Wednesday, 13 December 2017

I’m devastated for family, says woman cleared over death

A WOMAN cleared of blame for the death of a motorcyclist said she feels “devastated” for his family.

A WOMAN cleared of blame for the death of a motorcyclist said she feels “devastated” for his family.

Anne Green, 38, of Manor Road, Goring, wept in the dock at Oxford Crown Court last Friday after being acquitted of causing the death of John Maher by careless driving.

The court heard how her blue Peugeot 206 had spun out of control and crashed into Mr Maher’s Honda machine on the A4074 near Benson on February 19 last year, throwing him 40 yards.

Mr Maher, 52, from Reading, was pronounced dead at the scene.

Mrs Green, who is beauty editor-at-large at Red magazine, told the court that she could not recall exactly what happened.

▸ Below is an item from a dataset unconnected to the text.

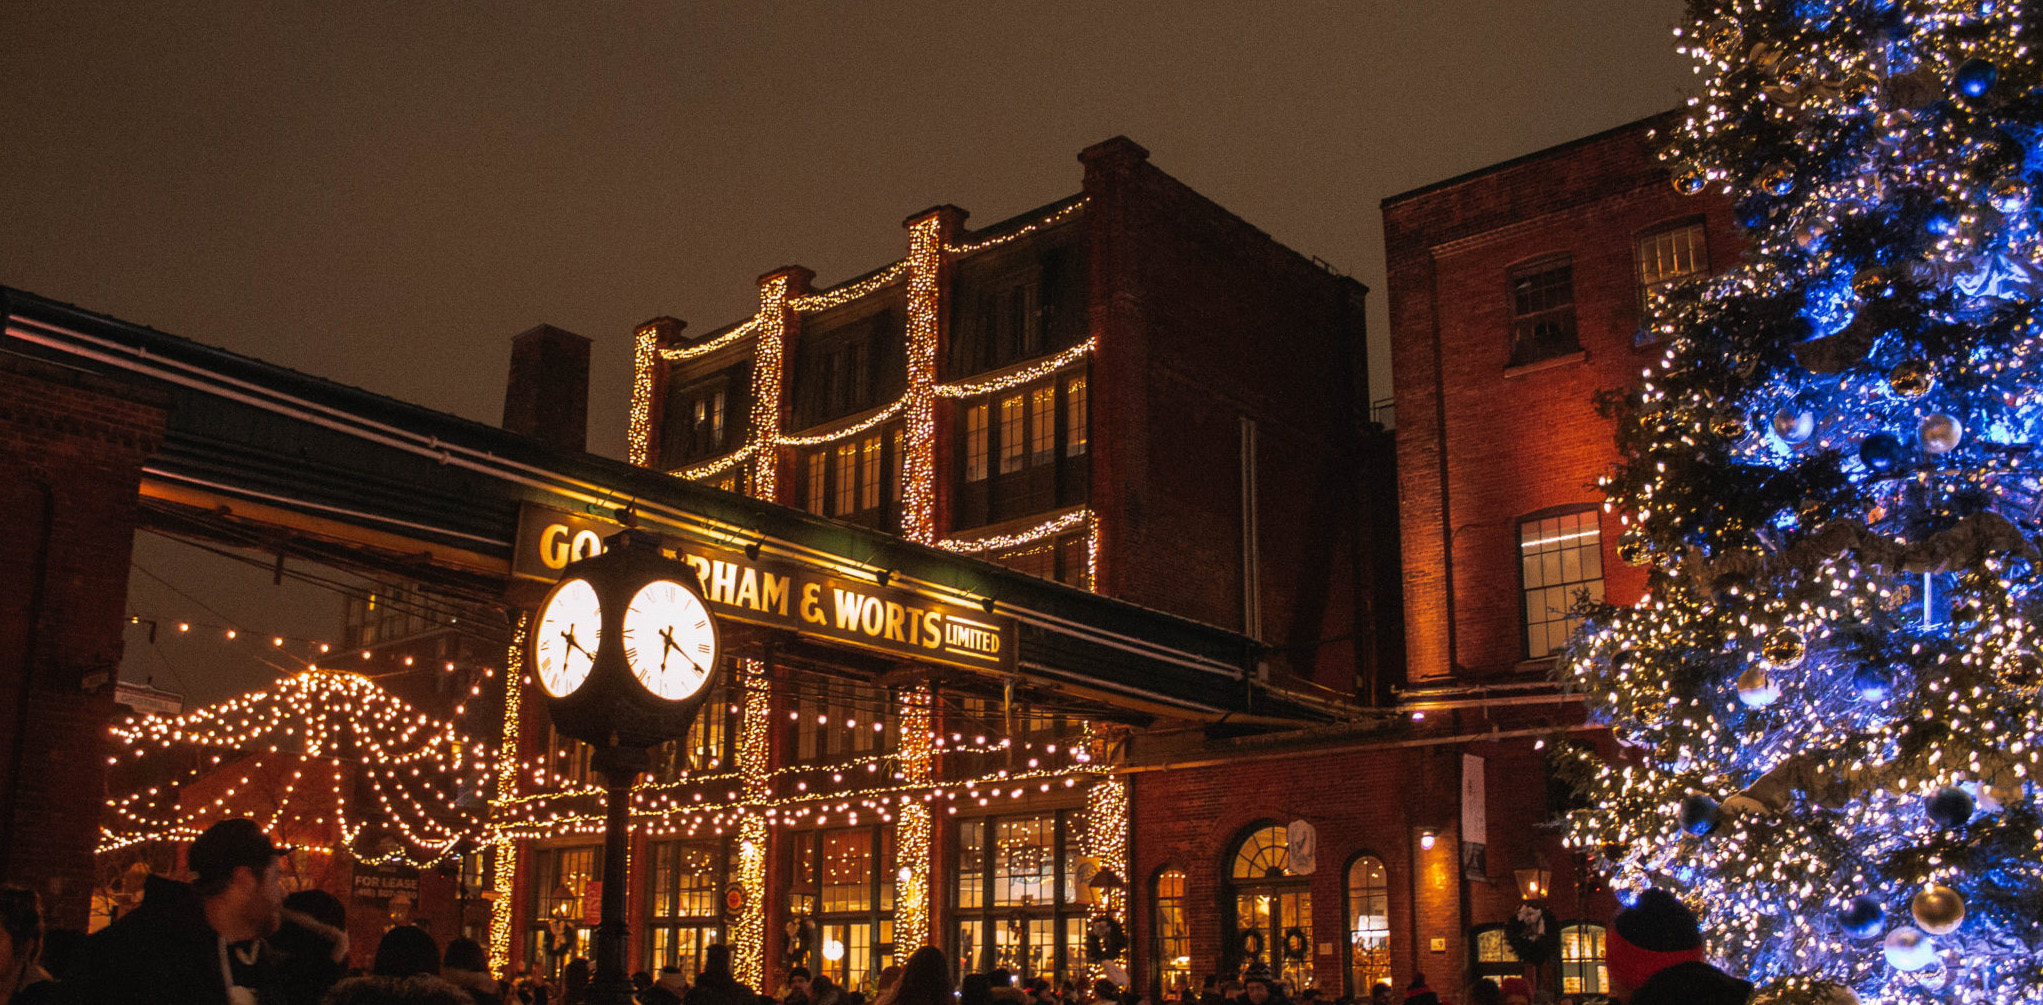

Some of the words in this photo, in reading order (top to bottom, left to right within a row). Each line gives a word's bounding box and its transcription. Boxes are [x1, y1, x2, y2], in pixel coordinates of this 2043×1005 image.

She said she had driven the route about 20 times since moving to the area three months previously. She had not been distracted and was travelling below the 50mph speed limit.

She had picked up her children, aged four and six, from her mother’s house in Wallingford and was driving south towards Goring when she collided with Mr Maher, who was travelling in the opposite direction.

Mrs Green, who is known to friends as “Rosie”, said: “I was driving along normally and the steering went wobbly. I couldn’t control the car — it was uncontrollable. I can’t explain any more.”

In a police interview, she said she had heard a “loud bang” but couldn’t recall the sequence of events. The court had heard that the section of road was coated in mud and

Mrs Green said: “Obviously at the time of the interview I didn’t know there was mud on the road, I just knew the steering didn’t work.

“Now I know it was there it makes sense to me.”

She added: “I’m devastated for the family and obviously I think about them all the time.”

Neither she nor her children were injured in the accident but they were taken to the John Radcliffe Hospital in Oxford as a precaution.

Eyewitnesses told the court that Mrs Green’s car had spun out of her lane into the path of the motorcycle.

In a statement read out in court, Richard Howard said: “The motorcyclist didn’t have time to react. The motorcycle was thrown up into the car with considerable force and I didn’t see him land.”

He said he eventually found Mr Maher face down in a ditch 40 yards away from the point of impact.

Pc Peter Billingham, who was called to the scene, said he had noticed “a considerable amount” of mud on the road. He believed it had come from heavy goods vehicles exiting the Thames Water sewage treatment works in Benson Lane.

Pc Billingham said: “This area of the road looked quite damp on our first arrival. This would obviously affect the grip of tyres passing on this section.”

Terry Anderson, a collision investigator, said neither vehicle had any faults that could have caused the crash.

He also noticed the mud on the road but added: “I expected to have found previous skid marks to induce an earlier loss of control.”

Mr Anderson said there was no evidence of other cars having skidded there and believed Mrs Green “must have done something totally different to what everyone else did coming through that section of the road”.

Rachel Drake, prosecuting, said: “Mrs Green was not paying attention to the road and that’s why her vehicle lost control. That’s why she wasn’t able to regain control and why Mr Maher died in the collision.”

Tom Allen, defending, said Mrs Green had been driving for 19 years with a clean licence and had no previous convictions.

He read out a statement from Matthew Giles, a consultant physician at the John Radcliffe Hospital, who had known her for 15 years.

Mr Giles said she was a “careful and conscientious” person who didn’t take risks and she had been “devastated” by what had happened.

Mr Allen said there was no single explanation of what happened.

He said: “It’s either an extraordinary coincidence that the carelessness occurred at exactly the same point as where the concentration of mud was at its greatest at the end of a bend or in some way it is an explanation for what happened.”

The jury returned its verdict after five hours and 34 minutes and Mrs Green took deep breaths and cried in the dock for several minutes after it was delivered.

Mr Maher’s family were also in court.

Judge Gordon Risius said: “I want to express the hope that now these proceedings are at an end, everyone concerned can now look more to the future, though I accept that no one will ever be able to forget the tragic events that we’ve been dealing with.”